Abrazos sin peligro de contagio en una residencia de ancianos

miércoles, 27 de mayo de 2020

Abrazos sin peligro de contagio en una residencia de ancianos

Estaban cada vez más tristes, e incluso pensaban que sus familiares habían muerto... Pero la alegría ha vuelto a esta residencia de mayores gracias a un invento que permite recibir visitas e incluso darse abrazos.

Todos echamos de menos los abrazos. Quién hubiese dicho hace apenas dos meses que nos "prohibirían" algo que llevamos toda la vida haciendo y que valoramos ahora más que nunca. Pero hay quienes lo están pasando realmente mal y darían lo que fueran para recibir ese afecto en forma de contacto físico.

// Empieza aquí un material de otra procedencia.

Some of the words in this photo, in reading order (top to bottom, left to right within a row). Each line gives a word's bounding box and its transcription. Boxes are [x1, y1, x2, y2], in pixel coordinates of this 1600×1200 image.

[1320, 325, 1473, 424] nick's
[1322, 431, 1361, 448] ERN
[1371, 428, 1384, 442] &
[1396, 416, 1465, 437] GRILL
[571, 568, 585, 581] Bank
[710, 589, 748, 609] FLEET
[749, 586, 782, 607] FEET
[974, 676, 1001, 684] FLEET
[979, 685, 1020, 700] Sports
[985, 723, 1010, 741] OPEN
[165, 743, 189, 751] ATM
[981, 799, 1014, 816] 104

Y esos son nuestros mayores.

En un hogar de ancianos de Tandil, Argentina, no han querido dejar pasar esta "necesidad" por alto, y han inventado un dispositivo para que los familiares puedan abrazar a los residentes, a quienes hace más de dos meses no pueden visitar siquiera. Se trata de una manga de plástico que permite abrazarse sin contacto directo y, por tanto, sin peligro de contagio. 

De la tristeza a la felicidad

La idea la tuvo la Anahí Soulié, la dueña del Hogar Reminiscencias, quién apreció que, por culpa del coronavirus, la cuarentena y la falta de visitas, los residentes estaban cada vez más tristes. “Una abuela de 101 años nos decía ‘díganme la verdad, que le pasó a mi sobrino, se murió’. Otra también nos preguntaba si su hijo se había muerto”, relató Soulié al diario El Eco.

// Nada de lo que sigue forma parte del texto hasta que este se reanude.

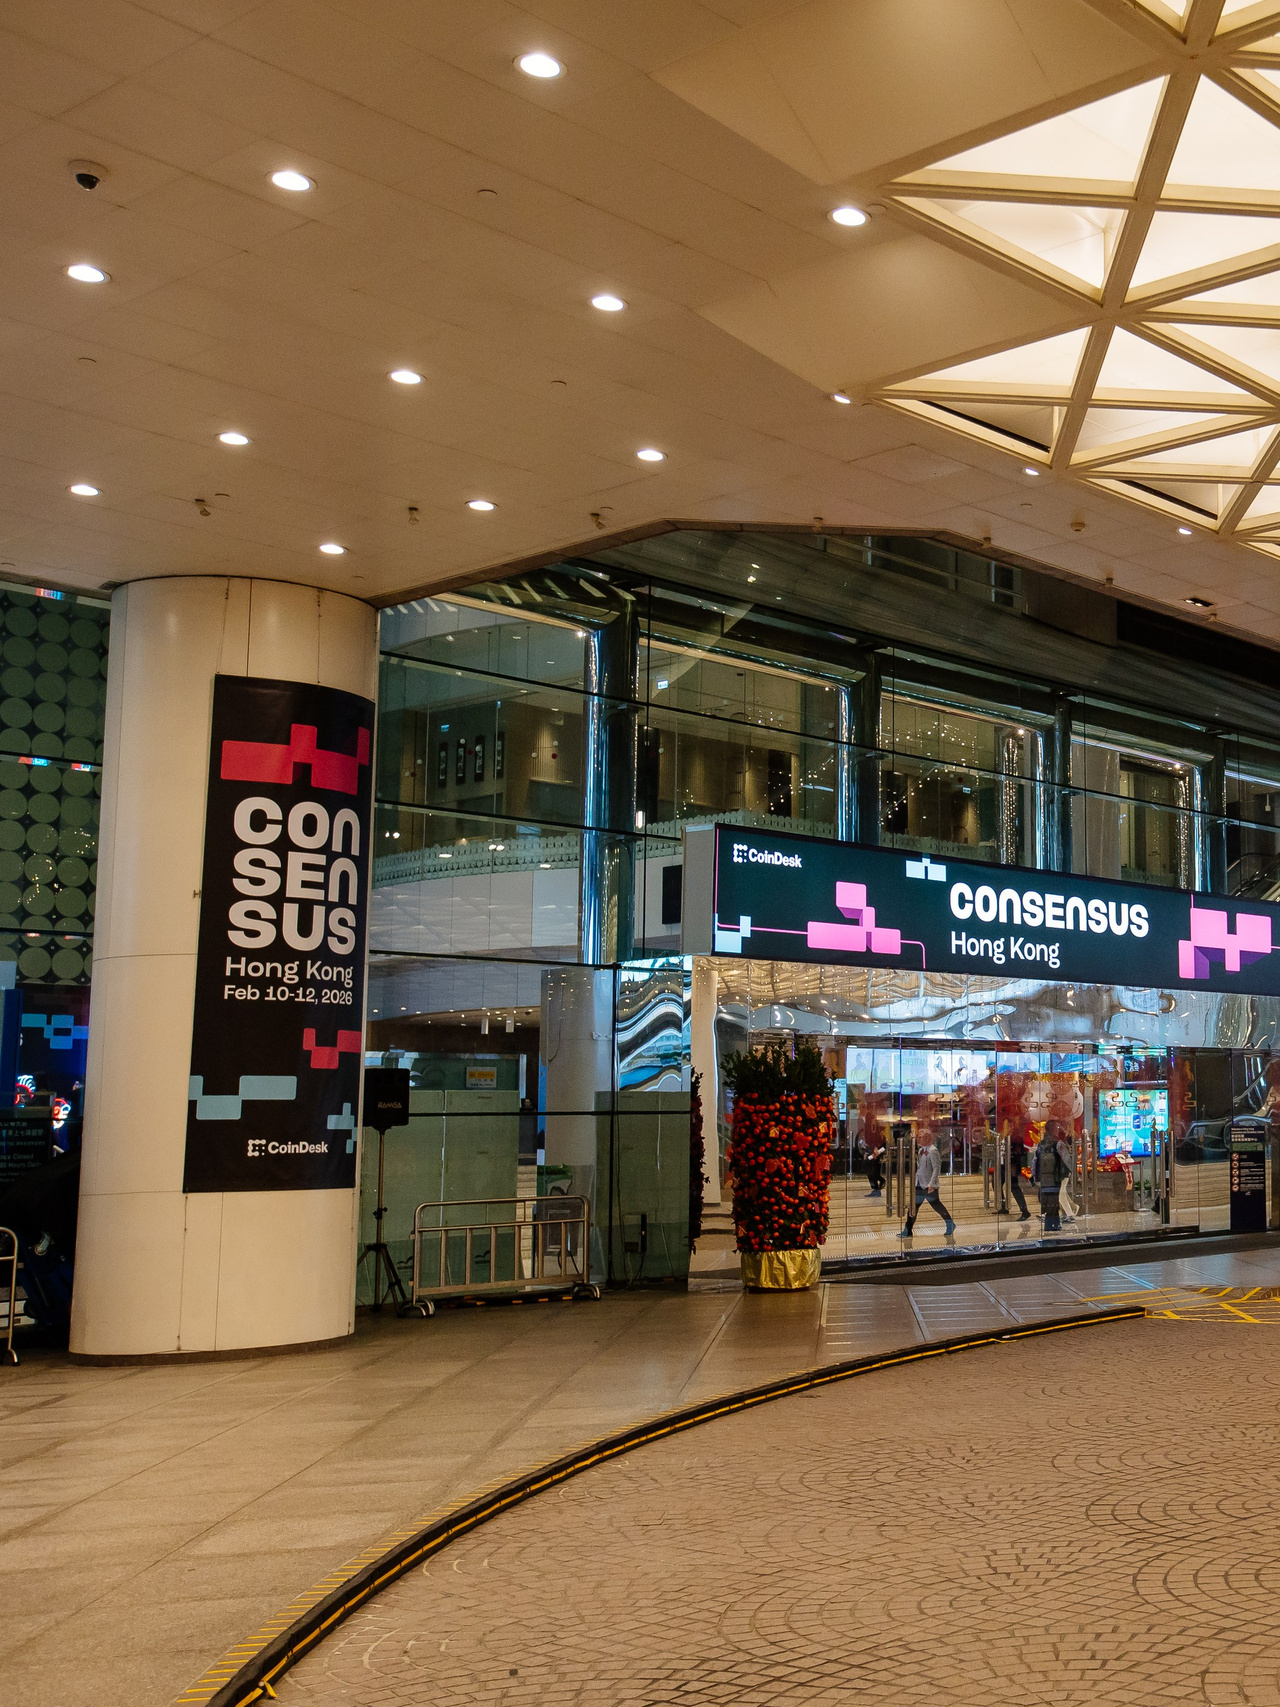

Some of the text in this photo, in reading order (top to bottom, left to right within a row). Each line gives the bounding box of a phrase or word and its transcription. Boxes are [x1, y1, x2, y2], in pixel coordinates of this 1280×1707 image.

[748, 848, 802, 868] CoinDesk
[227, 899, 357, 955] SUS
[951, 930, 1061, 969] Hong Kong
[225, 956, 354, 988] Hong Kong
[224, 984, 353, 1005] Feb 10-12, 2026
[378, 1101, 402, 1109] RAMSA
[267, 1141, 329, 1154] CoinDesk

“Al ver ellos que hay gente afuera y autos que pasan, pensaban que les estábamos mintiendo, y cada vez el humor estaba peor en las últimas semanas. Tratábamos nosotros de hacer de payasos, de hacerles gimnasia, de entretenerlos, pero ya el último tiempo no querían nada de eso”, añadía.

La mujer se enteró de que en otros países estaban utilizando estas mangas para poder dar abrazos y decidió implementarlo en su residencia. “Lo estuve estudiando durante dos días con el chico de mantenimiento. Estuvimos sacando medidas y lo pudimos poner el sábado, y los abuelos están felices”, cuenta casi tan feliz como ellos.